→ Task instructions: The entries below should be output exactly as written.

→ Working data:
=== Section Start ===

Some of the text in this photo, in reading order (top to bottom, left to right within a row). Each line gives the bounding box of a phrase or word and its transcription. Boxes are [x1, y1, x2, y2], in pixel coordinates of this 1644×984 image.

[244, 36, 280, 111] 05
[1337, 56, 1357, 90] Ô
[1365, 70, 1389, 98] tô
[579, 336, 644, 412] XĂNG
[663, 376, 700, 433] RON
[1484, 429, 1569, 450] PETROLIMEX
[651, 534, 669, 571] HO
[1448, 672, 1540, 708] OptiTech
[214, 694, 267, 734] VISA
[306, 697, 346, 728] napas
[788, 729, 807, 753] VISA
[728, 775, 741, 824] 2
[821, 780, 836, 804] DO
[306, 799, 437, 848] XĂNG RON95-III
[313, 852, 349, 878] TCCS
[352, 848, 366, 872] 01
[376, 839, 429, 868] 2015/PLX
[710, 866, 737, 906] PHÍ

=== Section End ===

→ Output for this exercise:
Some of the text in this photo, in reading order (top to bottom, left to right within a row). Each line gives the bounding box of a phrase or word and its transcription. Boxes are [x1, y1, x2, y2], in pixel coordinates of this 1644×984 image.

[244, 36, 280, 111] 05
[1337, 56, 1357, 90] Ô
[1365, 70, 1389, 98] tô
[579, 336, 644, 412] XĂNG
[663, 376, 700, 433] RON
[1484, 429, 1569, 450] PETROLIMEX
[651, 534, 669, 571] HO
[1448, 672, 1540, 708] OptiTech
[214, 694, 267, 734] VISA
[306, 697, 346, 728] napas
[788, 729, 807, 753] VISA
[728, 775, 741, 824] 2
[821, 780, 836, 804] DO
[306, 799, 437, 848] XĂNG RON95-III
[313, 852, 349, 878] TCCS
[352, 848, 366, 872] 01
[376, 839, 429, 868] 2015/PLX
[710, 866, 737, 906] PHÍ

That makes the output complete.